* EXERCISE PROMPT: Word for word, restate every line from the one with "Some of the words" through the end of the records below, both included, and add nothing.

* Stored data entries:
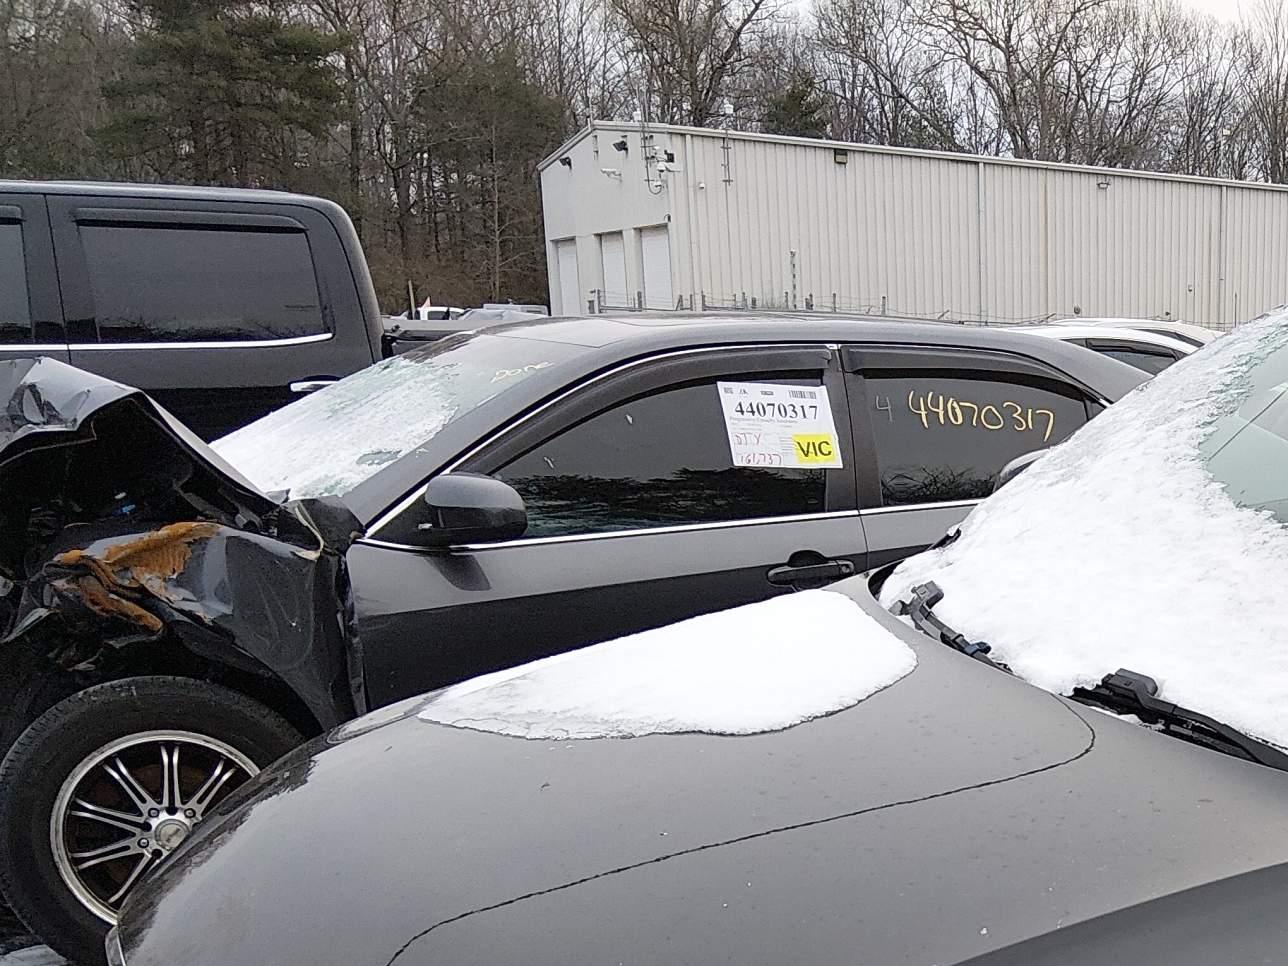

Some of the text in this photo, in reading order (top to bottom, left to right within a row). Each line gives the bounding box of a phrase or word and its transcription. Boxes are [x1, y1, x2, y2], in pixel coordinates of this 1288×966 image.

[734, 401, 818, 420] 44070317
[908, 390, 1054, 442] 44070317
[796, 440, 832, 458] VIC
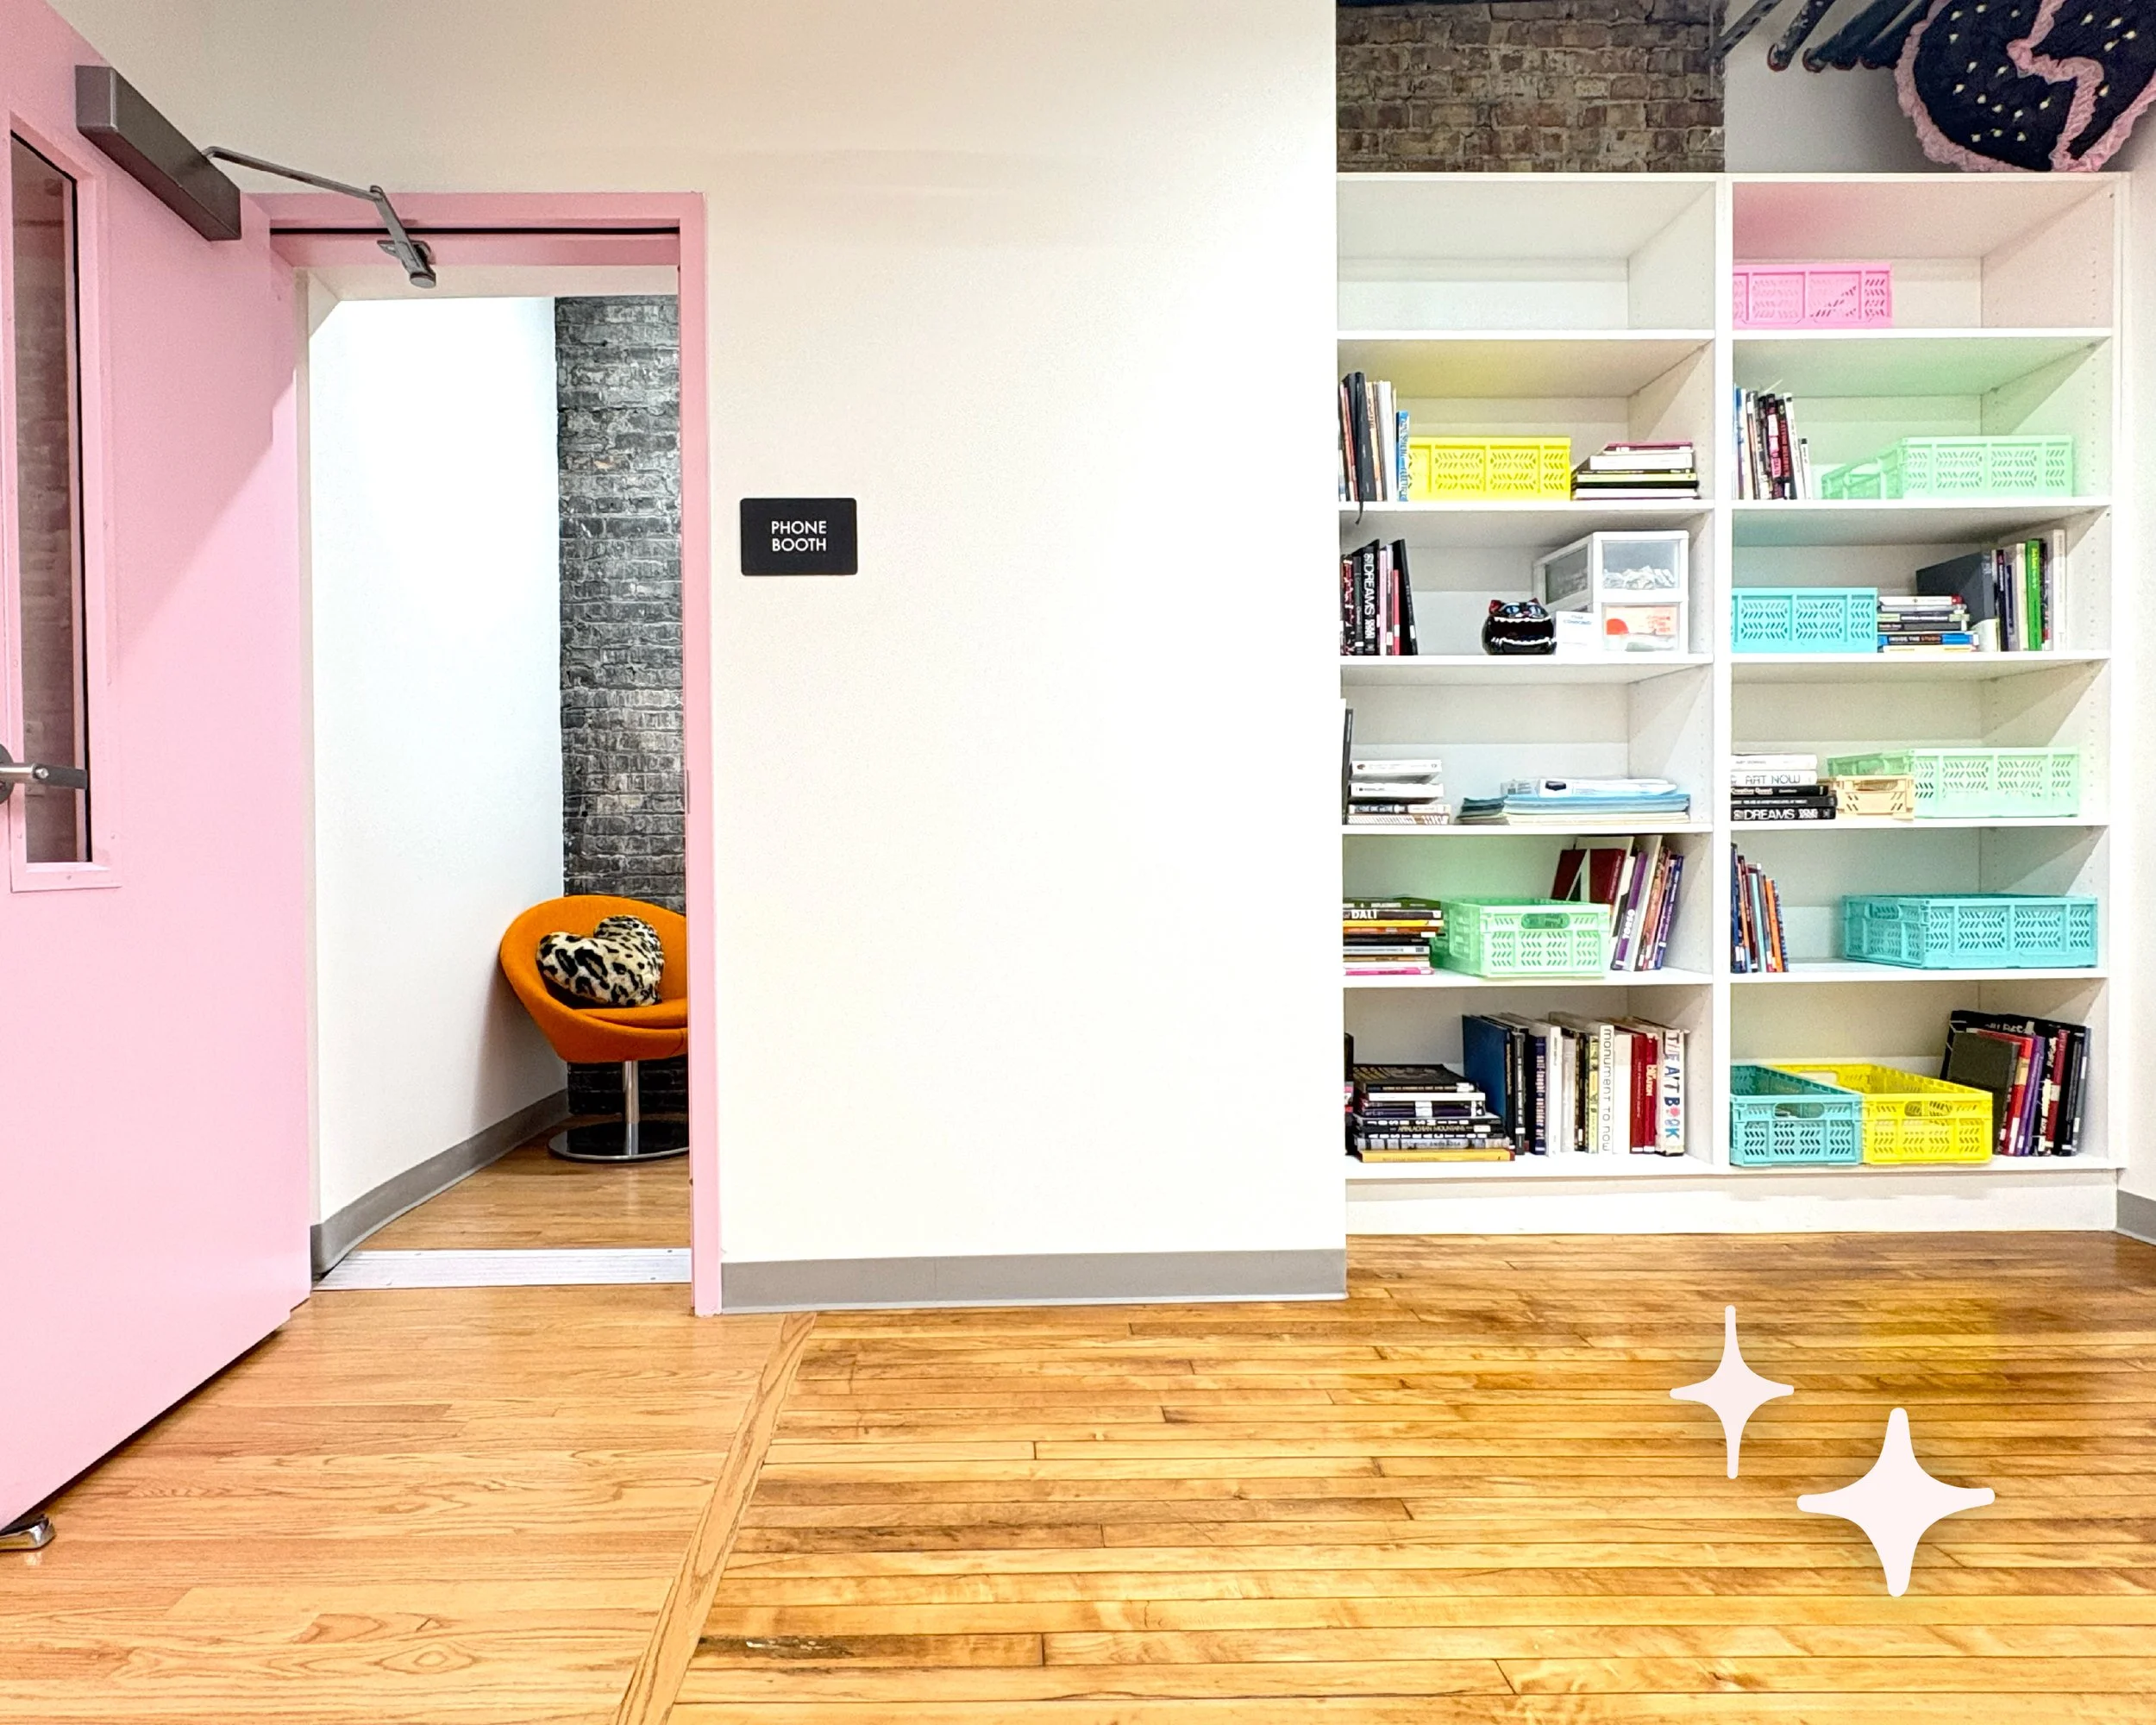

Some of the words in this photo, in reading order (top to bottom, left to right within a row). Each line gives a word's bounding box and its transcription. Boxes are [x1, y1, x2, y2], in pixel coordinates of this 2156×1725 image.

[771, 520, 827, 535] PHONE
[772, 538, 827, 552] BOOTH
[1363, 563, 1376, 616] DREAMS
[1745, 775, 1767, 785] ART
[1771, 774, 1801, 785] NOW
[1744, 808, 1796, 820] DREAMS
[1621, 908, 1636, 939] TORSO
[1536, 1055, 1545, 1093] self-taught
[1536, 1097, 1545, 1126] outsider
[1536, 1128, 1545, 1140] art

* REPLY TO THE EXERCISE:
Some of the words in this photo, in reading order (top to bottom, left to right within a row). Each line gives a word's bounding box and its transcription. Boxes are [x1, y1, x2, y2], in pixel coordinates of this 2156×1725 image.

[771, 520, 827, 535] PHONE
[772, 538, 827, 552] BOOTH
[1363, 563, 1376, 616] DREAMS
[1745, 775, 1767, 785] ART
[1771, 774, 1801, 785] NOW
[1744, 808, 1796, 820] DREAMS
[1621, 908, 1636, 939] TORSO
[1536, 1055, 1545, 1093] self-taught
[1536, 1097, 1545, 1126] outsider
[1536, 1128, 1545, 1140] art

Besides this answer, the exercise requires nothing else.